E’ pertanto indispensabile che la parte ricorrente, deducendo una situazione di mobbing, dia sufficiente conto dei singoli atti compiuti dal datore di lavoro, o dai superiori gerarchici o dai colleghi, che tutti insieme esaminati possano essere considerati come mobbing nel senso sopra chiarito.
Nel caso di specie la difesa della ricorrente ha allegato in fatto, quali comportamenti concretizzanti la condotta di mobbing denunciata, le seguenti circostanze:
– rimproveri aventi ad oggetto l’incapacità della lavoratrice a svolgere le mansioni alla stessa assegnate ed umiliazioni verbali alla presenza di altri funzionari;
– l’adozione da parte dello Ja. di numerose note di chiarimenti e/o richiami e l’avvio di due procedimenti disciplinari;
– lo spostamento ad altri incarichi e competenze;
– l’assegnazione ad un ufficio isolato dal resto della Direzione Provinciale del Lavoro;
Si deve precisare che per la sussistenza della fattispecie non è sufficiente provare la presenza di uno o più atti illegittimi posti in essere dal datore di lavoro, ma è necessario provare il loro nesso causale con un intento discriminatorio, vessatorio e persecutorio nei confronti della dipendente, finalizzato all’estromissione del lavoratore dall’ambiente lavorativo o alla sua mortificazione sotto il profilo professionale, danneggiandone l’immagine e la personalità.
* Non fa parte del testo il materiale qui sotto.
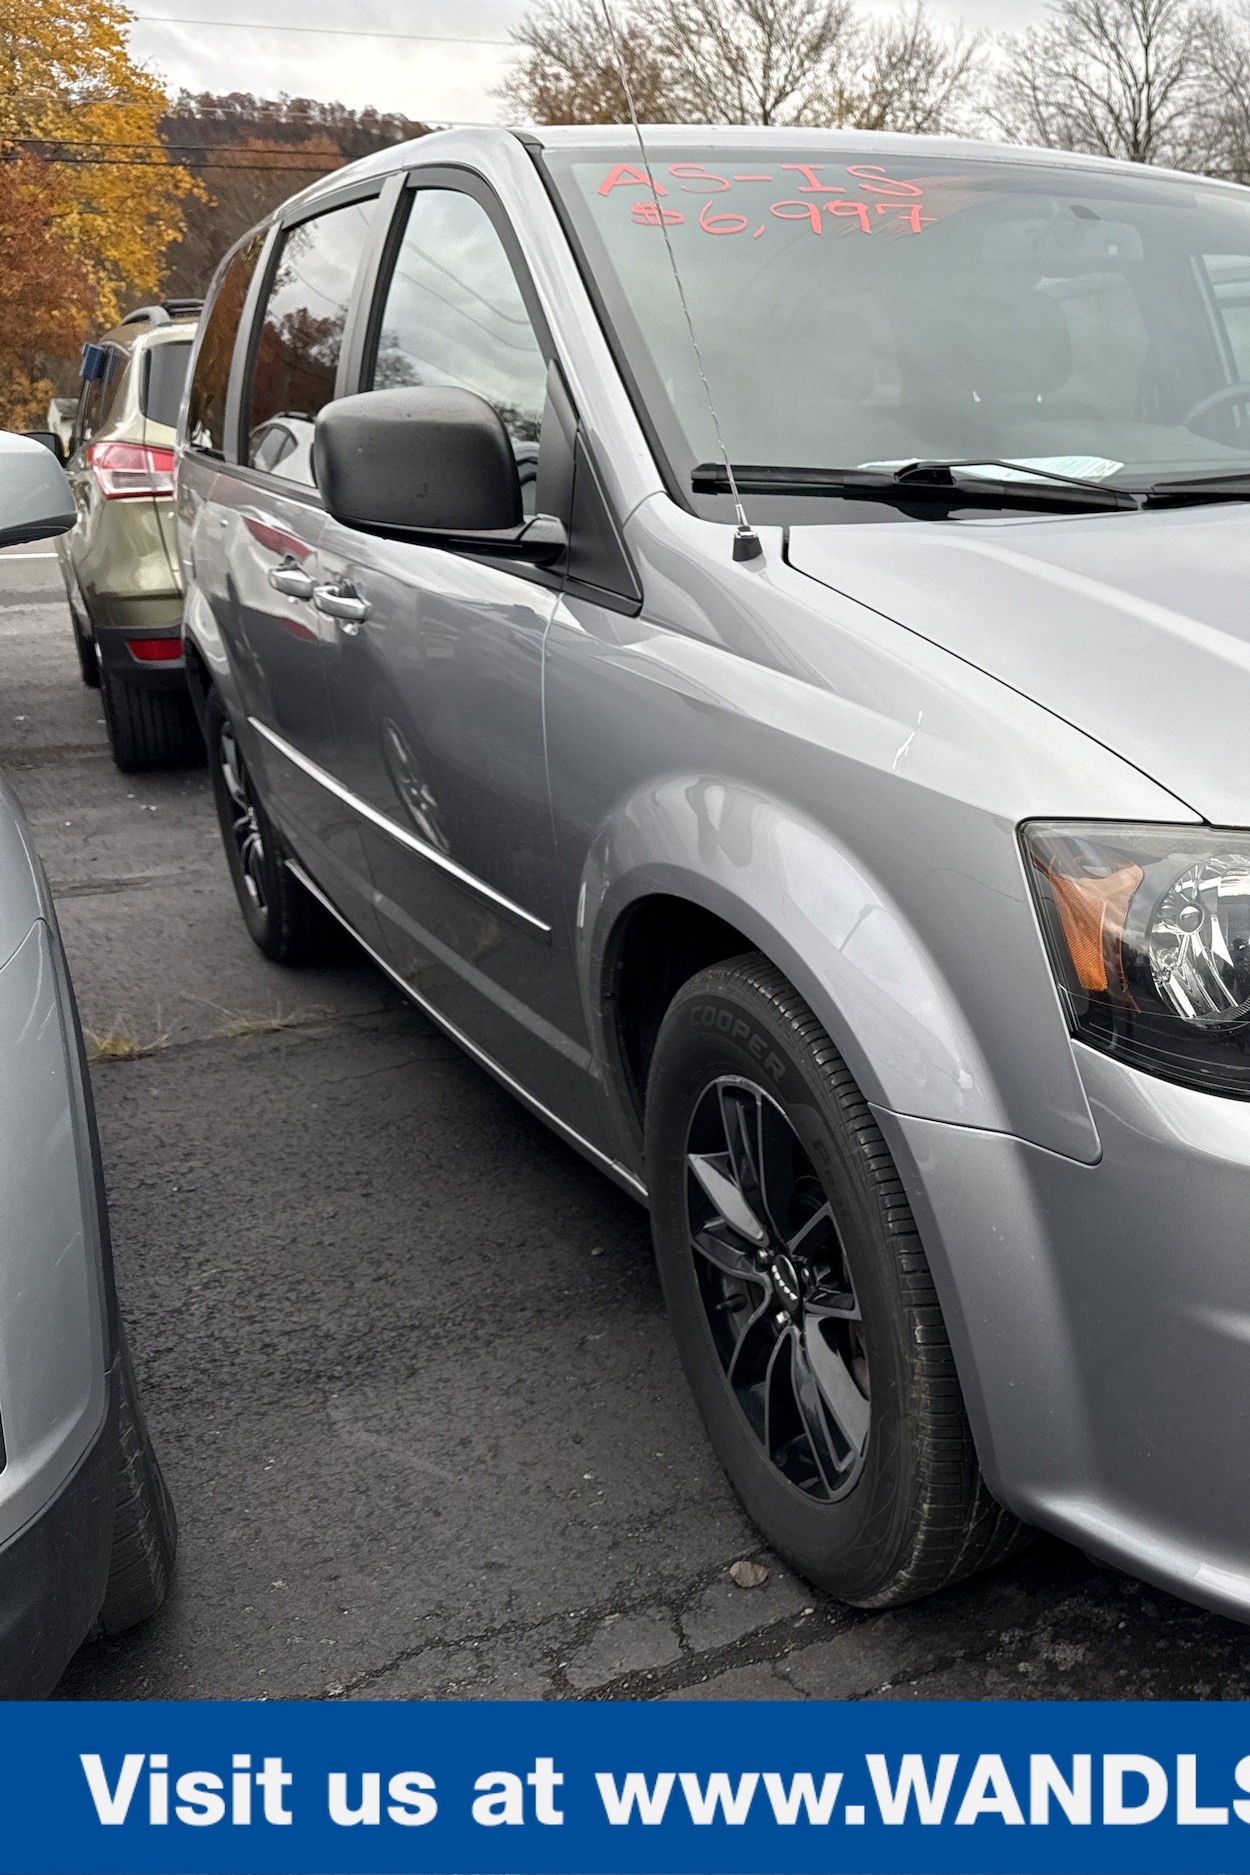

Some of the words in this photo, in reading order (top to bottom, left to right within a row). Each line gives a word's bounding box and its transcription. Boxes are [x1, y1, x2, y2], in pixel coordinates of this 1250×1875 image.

[597, 163, 923, 197] AS-IS
[631, 200, 937, 239] $6,997
[690, 1005, 786, 1083] COOPER
Nella fattispecie tale prova difetta del tutto, considerato che le condotte in questione risultano secondo una valutazione oggettiva assolutamente irrilevanti. La circostanza che le stesse condotte siano state percepite dalla lavoratrice quali atti vessatori posti in essere contro di lei, non può portare a ritenere sussistente l’ipotesi di mobbing, la quale deve in ogni caso essere ancorata a risultanze oggettive nel senso che gli atti devono avere una intrinseca potenzialità lesiva secondo un giudizio collegato all’id quod plerumque accidit e non alla sola percezione lesiva che il destinatario degli atti, sulla base di una particolare sensibilità, possa avere.
Le affermazioni di vessazioni continue ai danni della Ro. non hanno avuto sufficiente riscontro nelle prove testimoniali assunte nel corso dell’istruttoria, nè tantomeno è emerso un intento persecutorio dall’esame della corposa documentazione depositata.
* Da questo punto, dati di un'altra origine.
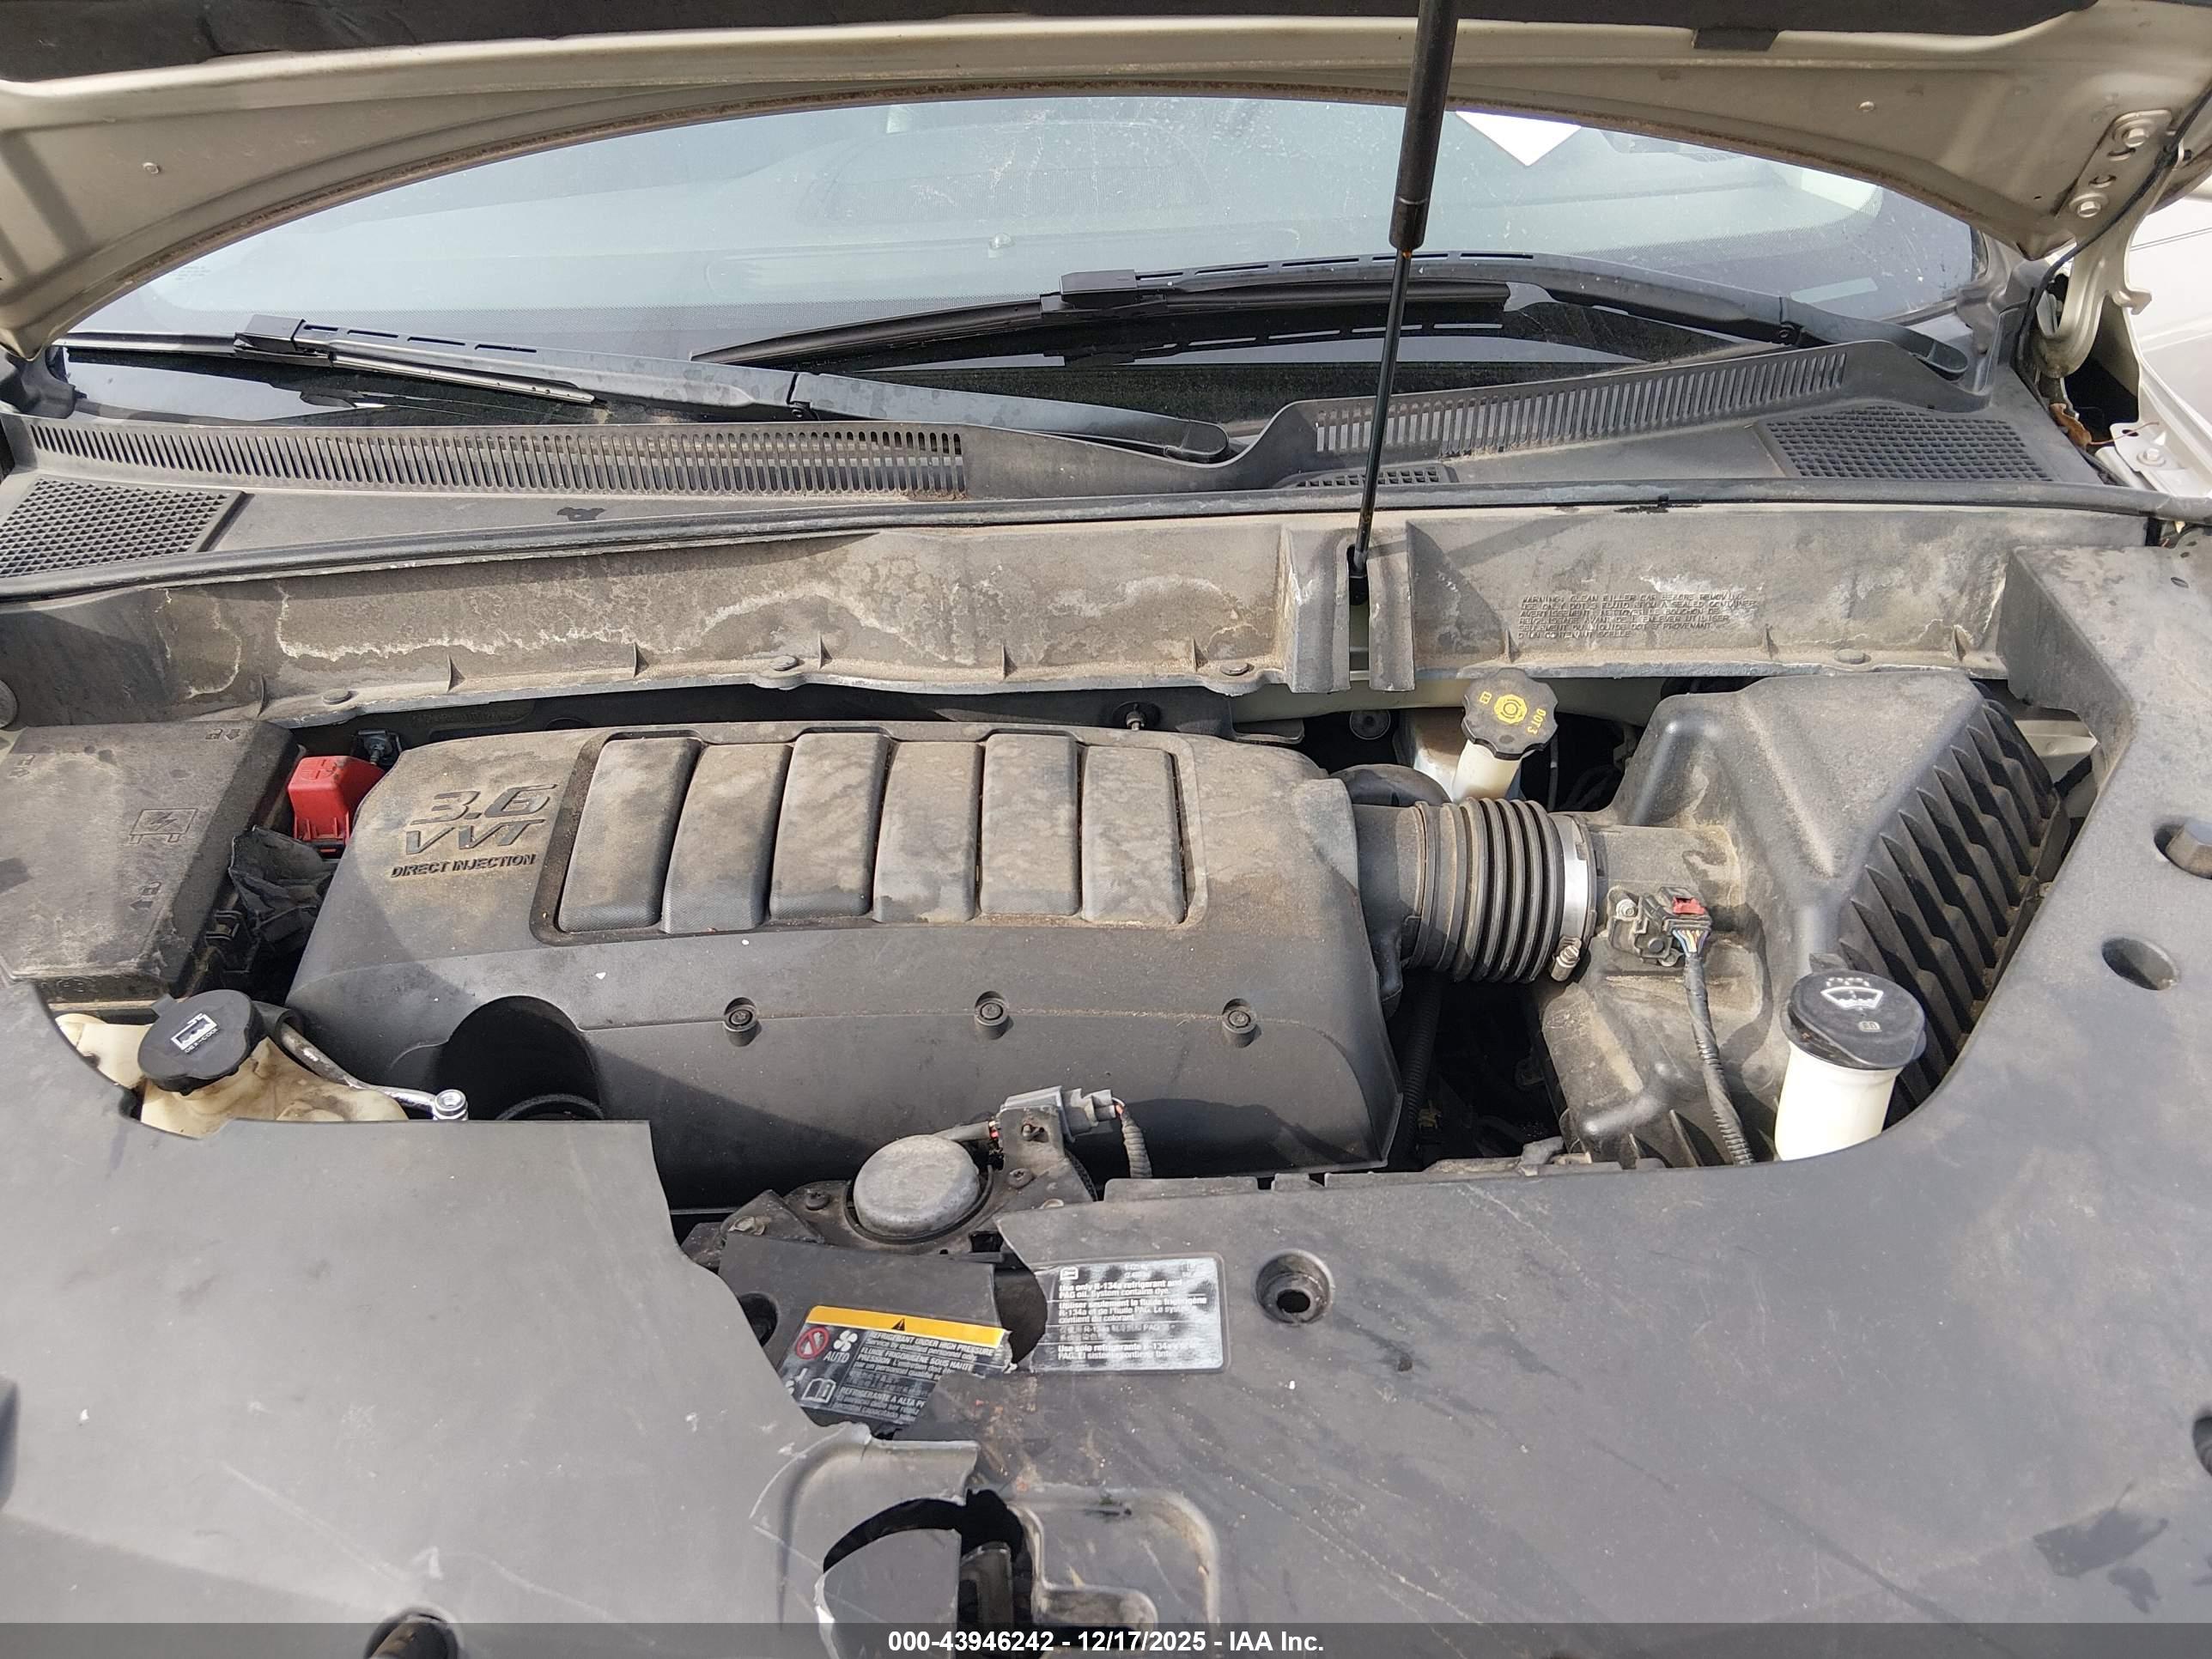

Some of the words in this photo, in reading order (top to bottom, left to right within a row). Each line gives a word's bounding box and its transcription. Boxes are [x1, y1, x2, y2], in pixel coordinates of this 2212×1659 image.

Innanzitutto occorre premettere, come evidenziato anche dalla produzione documentale offerta dal Ministero convenuto, che il Dirigente della DPL di Terni Ja., al quale era stata assegnata la riorganizzazione della DPL di Terni a seguito dell’accorpamento dell’Ispettorato del Lavoro e dell’Ufficio Provinciale del Lavoro nel 1997, ha sin dall’inizio manifestato apprezzamento per l’operato della ricorrente tanto vero che lo Ja. voleva da subito assegnarle la responsabilità del reparto delle Risorse Strumentali dell’Ufficio gestione Risorse Umane ed Affari generali ma per espressa volontà della stessa la lasciava alla Vigilanza Ordinaria dove reggente era il dott. Pa. Pe. (cfr. ordine di servizio n.8 del 4.04.1997 all.to n.4 fascicolo resistente).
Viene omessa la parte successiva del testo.